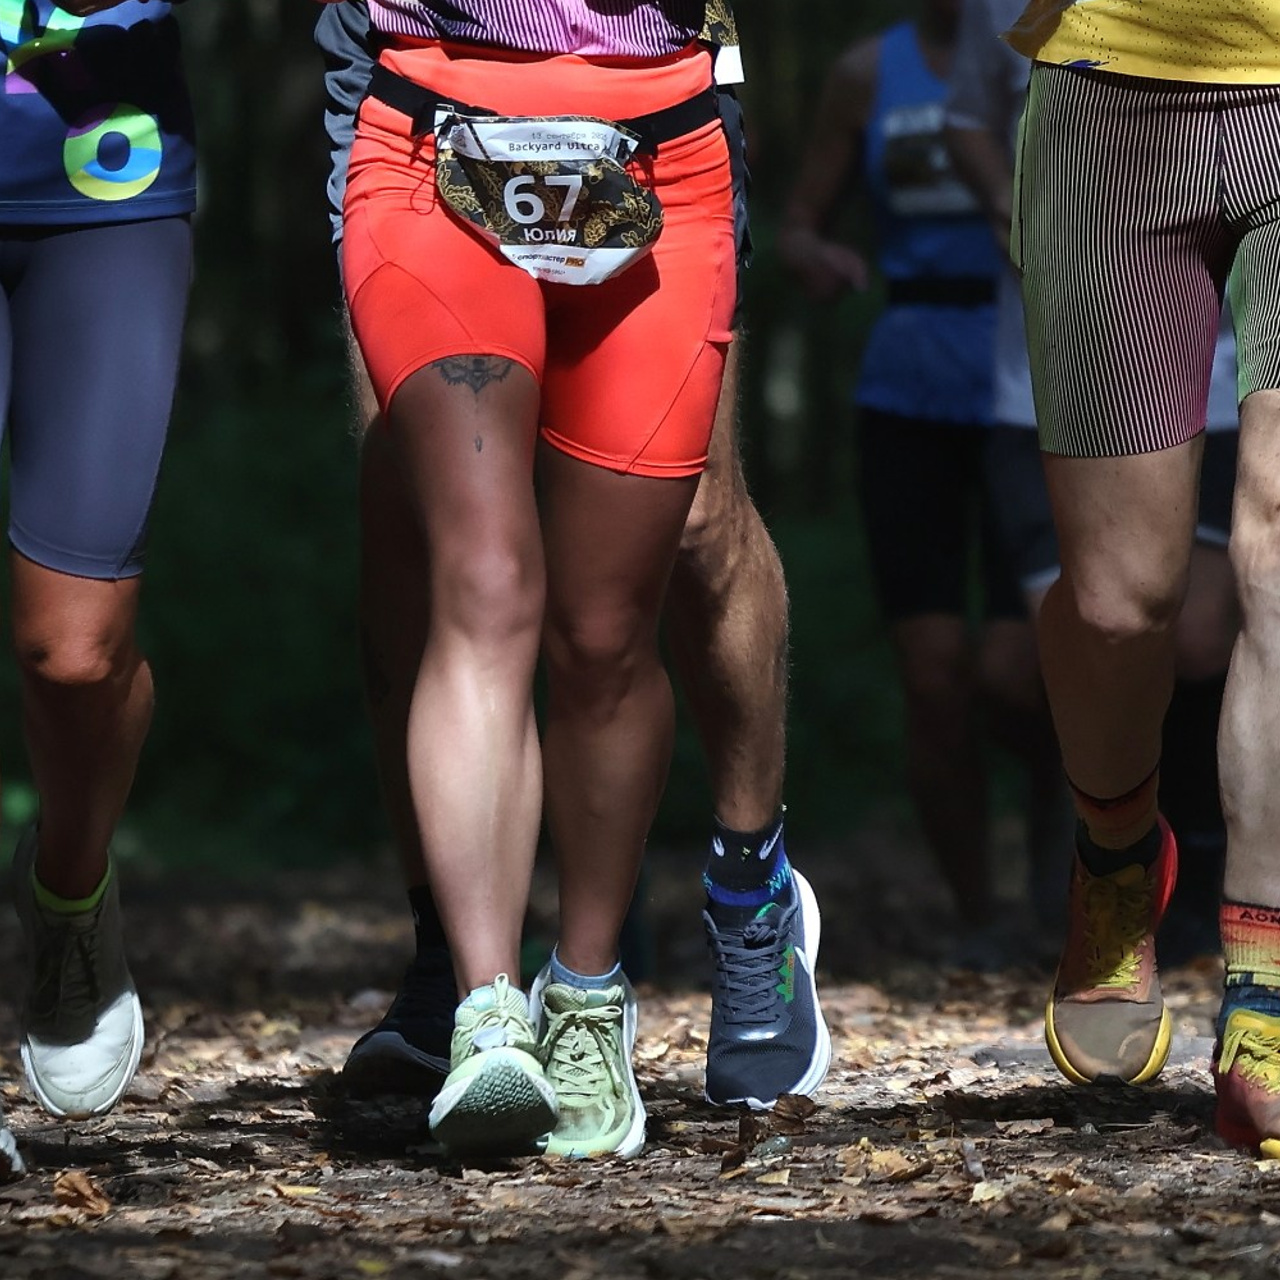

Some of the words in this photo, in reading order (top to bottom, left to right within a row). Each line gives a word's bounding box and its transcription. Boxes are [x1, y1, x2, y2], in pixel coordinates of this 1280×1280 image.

[508, 142, 561, 153] Backyard
[567, 142, 600, 151] Ultra
[503, 174, 583, 224] 67
[523, 227, 577, 242] Юлия

+ + +

Exercise instructions:
When you return the listing, keep each line exact and leave the pictures out.

Solution:
Some of the words in this photo, in reading order (top to bottom, left to right within a row). Each line gives a word's bounding box and its transcription. Boxes are [x1, y1, x2, y2], in pixel coordinates of this 1280×1280 image.

[508, 142, 561, 153] Backyard
[567, 142, 600, 151] Ultra
[503, 174, 583, 224] 67
[523, 227, 577, 242] Юлия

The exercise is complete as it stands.